Background: The study aimed to assess the analytical performance of the Access Sensitive Estradiol (SNSE2) Assay on a DxI800 (Beckman Coulter, Brea, CA, USA) and compared it with a Cobas E 601 (Roche Diagnostics, Penzberg, Germany).
Methods: SNSE2 was assessed for imprecision, accuracy, limit of blank (LoB), limit of detection (LoD), limit of quantitation (LoQ), linearity, interference, and carryover. Two hundred and fourteen samples were run on both instruments. Bland-Altman plots, Passing-Bablok regression, and concordance correlation coefficient (CCC) graphs were used for comparisons.

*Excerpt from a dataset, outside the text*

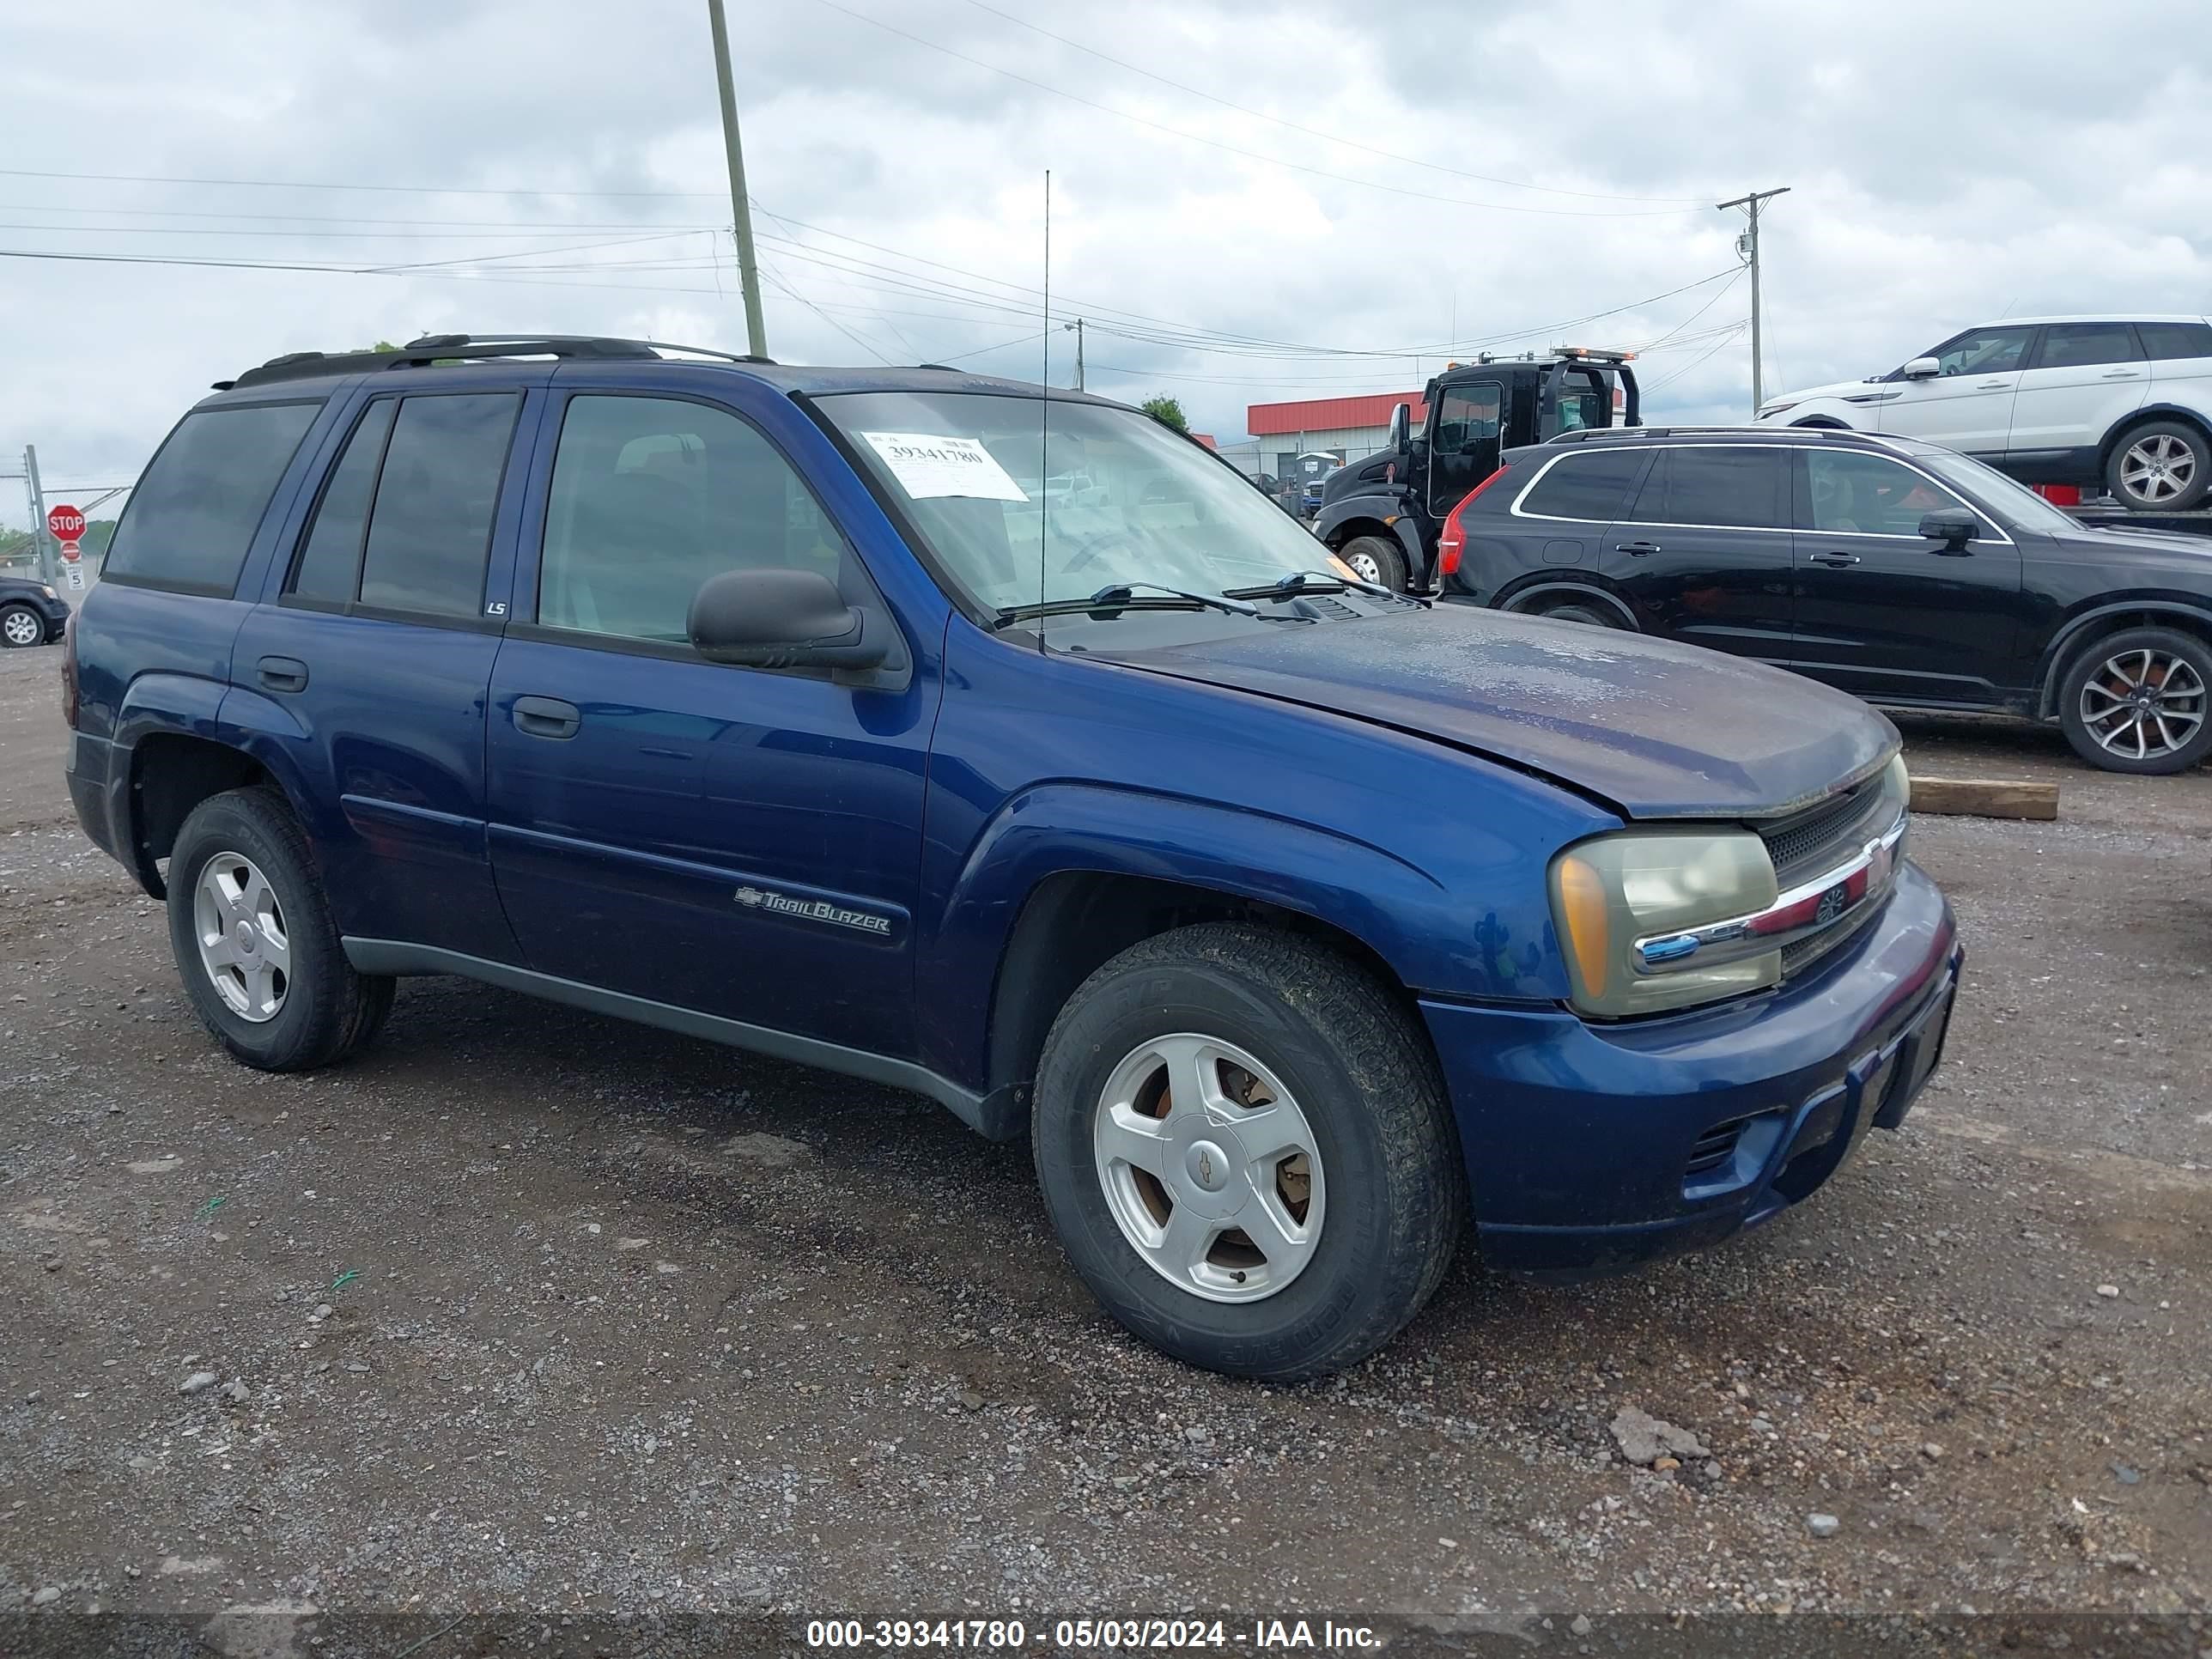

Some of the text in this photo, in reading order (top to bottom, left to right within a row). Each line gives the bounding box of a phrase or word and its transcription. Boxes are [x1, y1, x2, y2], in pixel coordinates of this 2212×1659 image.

[888, 446, 983, 464] 39341780
[50, 515, 83, 531] STOP
[72, 574, 81, 585] 5
[487, 602, 507, 615] LS

Results: Access SNSE2 showed appropriate assay performance characteristics in terms of imprecision, LoB, LoD, LoQ, linearity, and interference. The Bland-Altman analysis of DxI 800 yielded negative bias from Cobas E 601 and the deviations for E2 ≤ 150 pmol/L, 150 - 500 pmol/L, and ≥ 500 pmol/L were found as 0.8%, -15%, and -8.9%, respectively. DxI 800 and E170 systems showed poor agreement for E2 levels ≤ 150 pmol/L and 150 - 500 pmol/L with CCC values of 0.7404 and 0.8342. For E2 levels ≤ 150 pmol/L there was a significant amount of both proportional and constant error with the highest slope of 1.518 (1.269 to 1.761) and an intercept of -45.08 (-66.09 to 18.78, respectively, according to the Passing-Bablok regression analysis).
Conclusions: Analytical performance for SNSE2 assay was found appropriate. However, attempts to improve harmonization and standardization across assays do not seem to contribute much for E2 measurements. Results obtained with different systems cannot be used interchangeably and follow up of patients should be done with the same system.